__GOAL OF THE EXERCISE__:
When the line with "this 1280×960 image." turns up below, begin repeating exactly, and carry on through the line with "this 1344×1512 image."; no pictures go into the copy.

__RECORD EXCERPTS__:
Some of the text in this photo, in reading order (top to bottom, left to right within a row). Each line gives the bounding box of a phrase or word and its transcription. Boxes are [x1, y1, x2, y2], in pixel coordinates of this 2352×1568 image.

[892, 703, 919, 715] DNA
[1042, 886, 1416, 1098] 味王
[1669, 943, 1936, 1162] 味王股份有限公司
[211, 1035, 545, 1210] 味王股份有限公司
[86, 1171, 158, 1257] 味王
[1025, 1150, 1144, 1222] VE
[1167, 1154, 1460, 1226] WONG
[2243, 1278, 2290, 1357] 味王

--

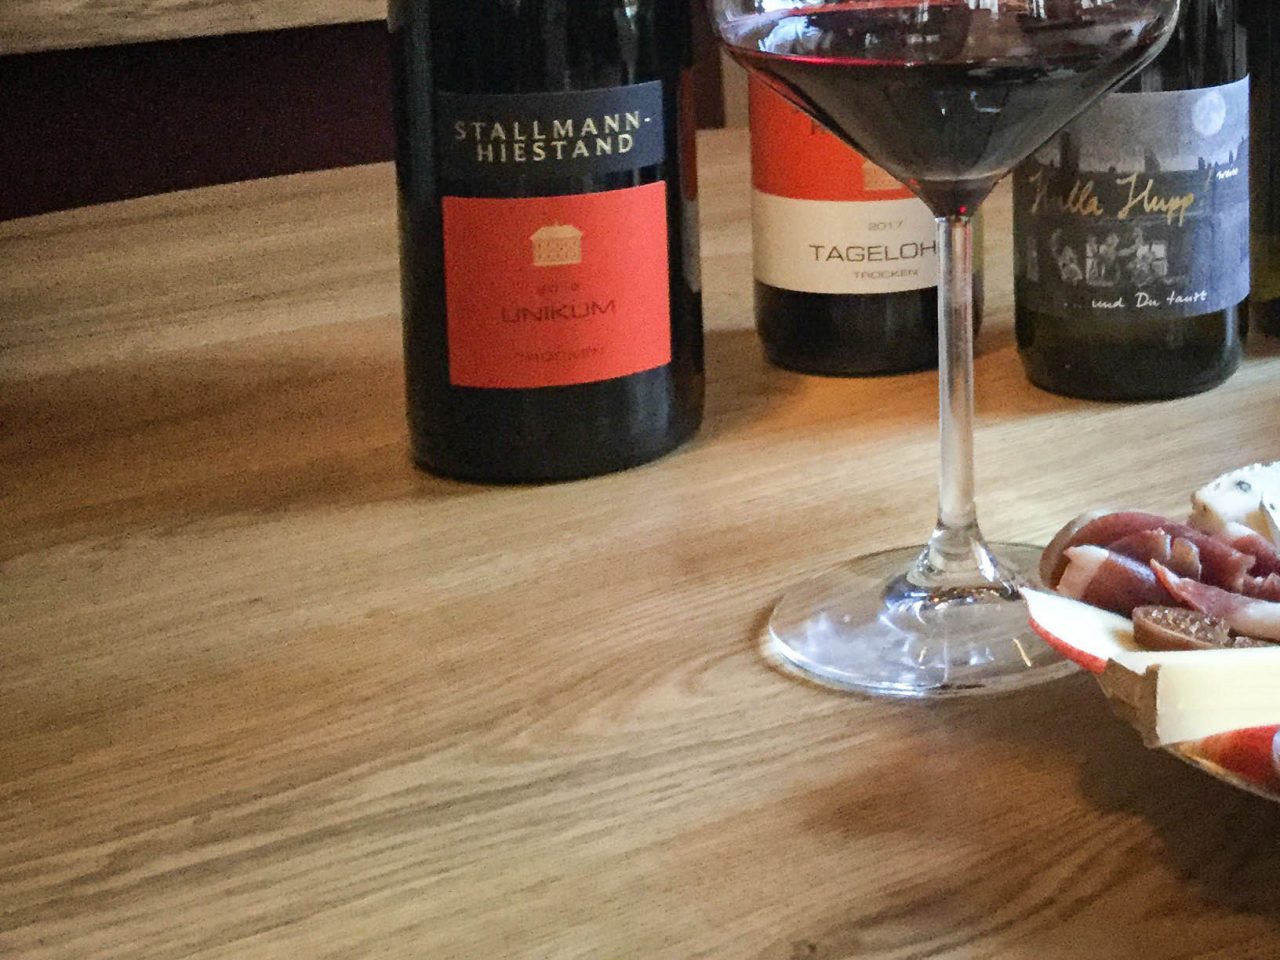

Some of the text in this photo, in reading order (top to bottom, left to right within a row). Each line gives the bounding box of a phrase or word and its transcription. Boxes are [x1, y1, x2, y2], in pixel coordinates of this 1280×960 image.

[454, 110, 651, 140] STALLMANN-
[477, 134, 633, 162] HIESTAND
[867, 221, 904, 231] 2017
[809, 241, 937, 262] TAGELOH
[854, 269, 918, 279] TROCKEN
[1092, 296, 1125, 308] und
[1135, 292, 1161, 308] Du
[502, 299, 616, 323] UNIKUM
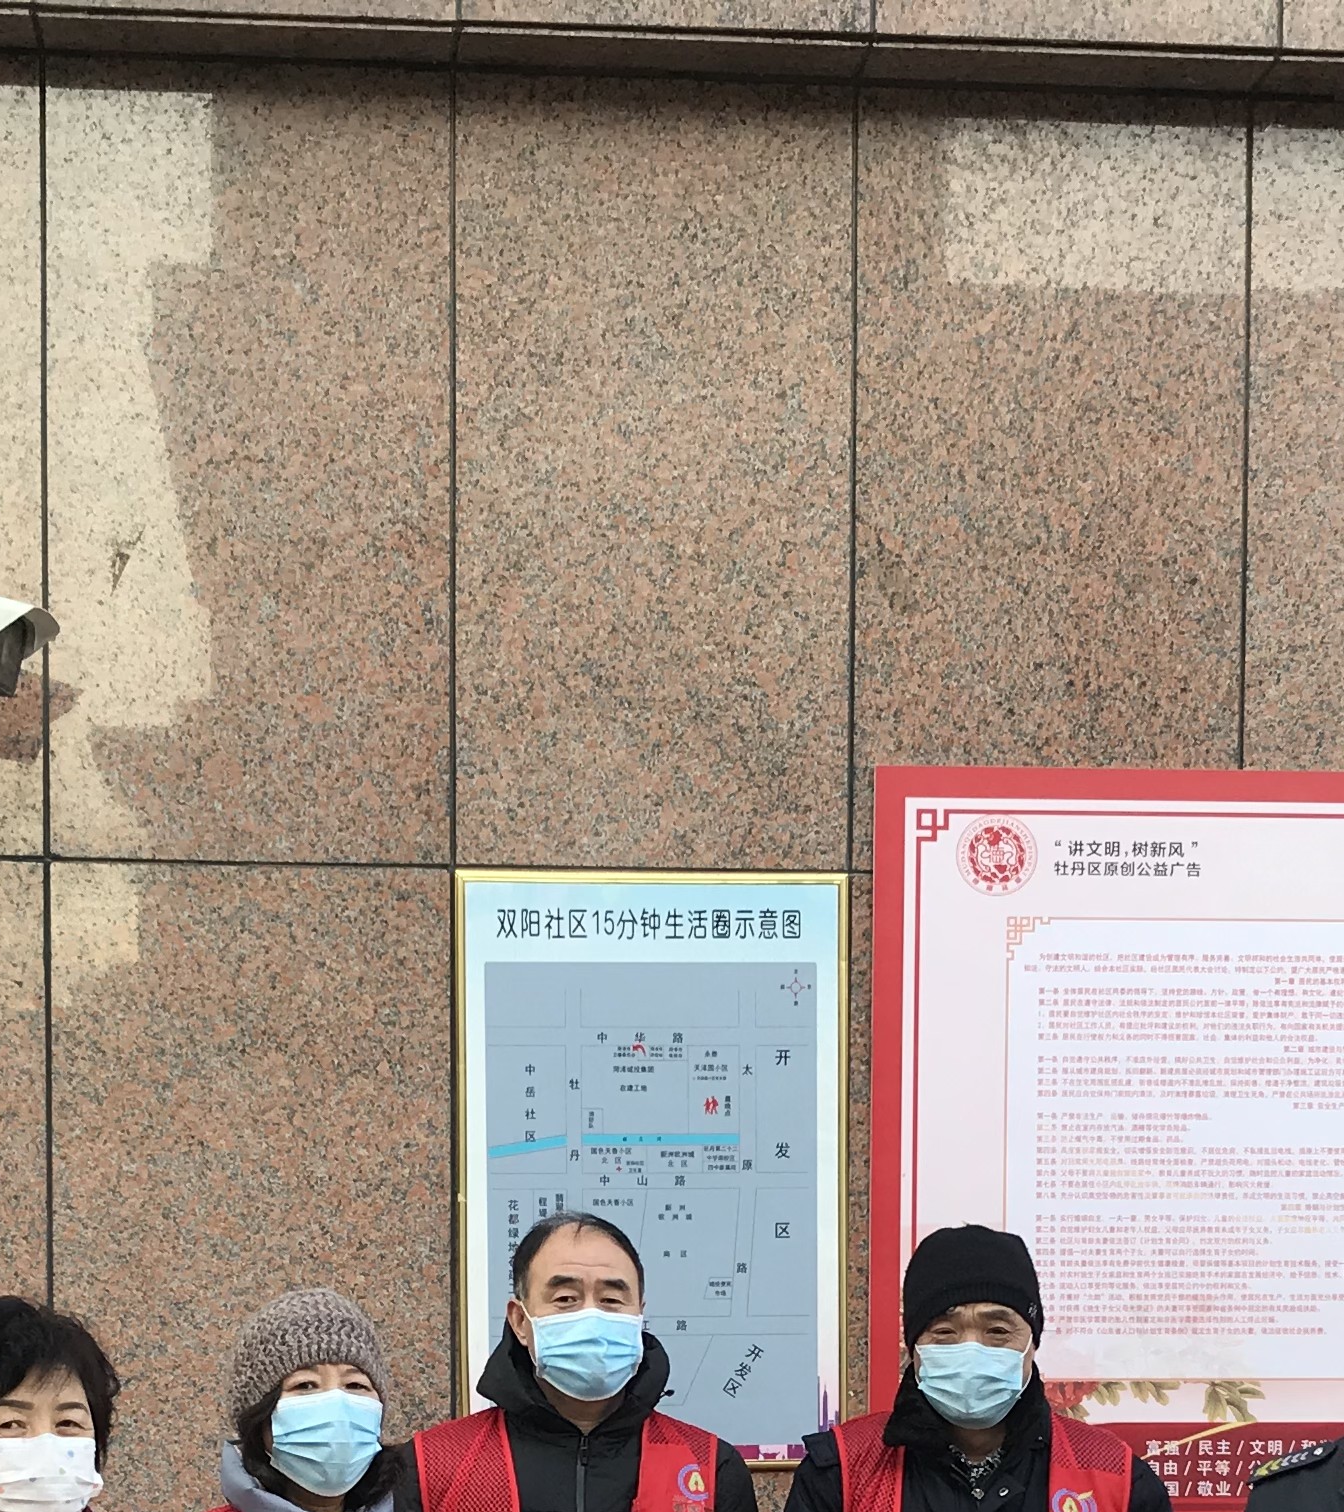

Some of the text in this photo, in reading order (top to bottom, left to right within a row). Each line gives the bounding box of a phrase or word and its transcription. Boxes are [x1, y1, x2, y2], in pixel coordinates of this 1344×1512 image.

__TASK SOLUTION__:
Some of the text in this photo, in reading order (top to bottom, left to right within a row). Each line gives the bounding box of a phrase or word and its transcription. Boxes are [x1, y1, x2, y2], in pixel coordinates of this 1280×960 image.

[454, 110, 651, 140] STALLMANN-
[477, 134, 633, 162] HIESTAND
[867, 221, 904, 231] 2017
[809, 241, 937, 262] TAGELOH
[854, 269, 918, 279] TROCKEN
[1092, 296, 1125, 308] und
[1135, 292, 1161, 308] Du
[502, 299, 616, 323] UNIKUM

Some of the text in this photo, in reading order (top to bottom, left to right within a row). Each line gives the bounding box of a phrase or word and its transcription. Boxes are [x1, y1, x2, y2], in pixel coordinates of this 1344×1512 image.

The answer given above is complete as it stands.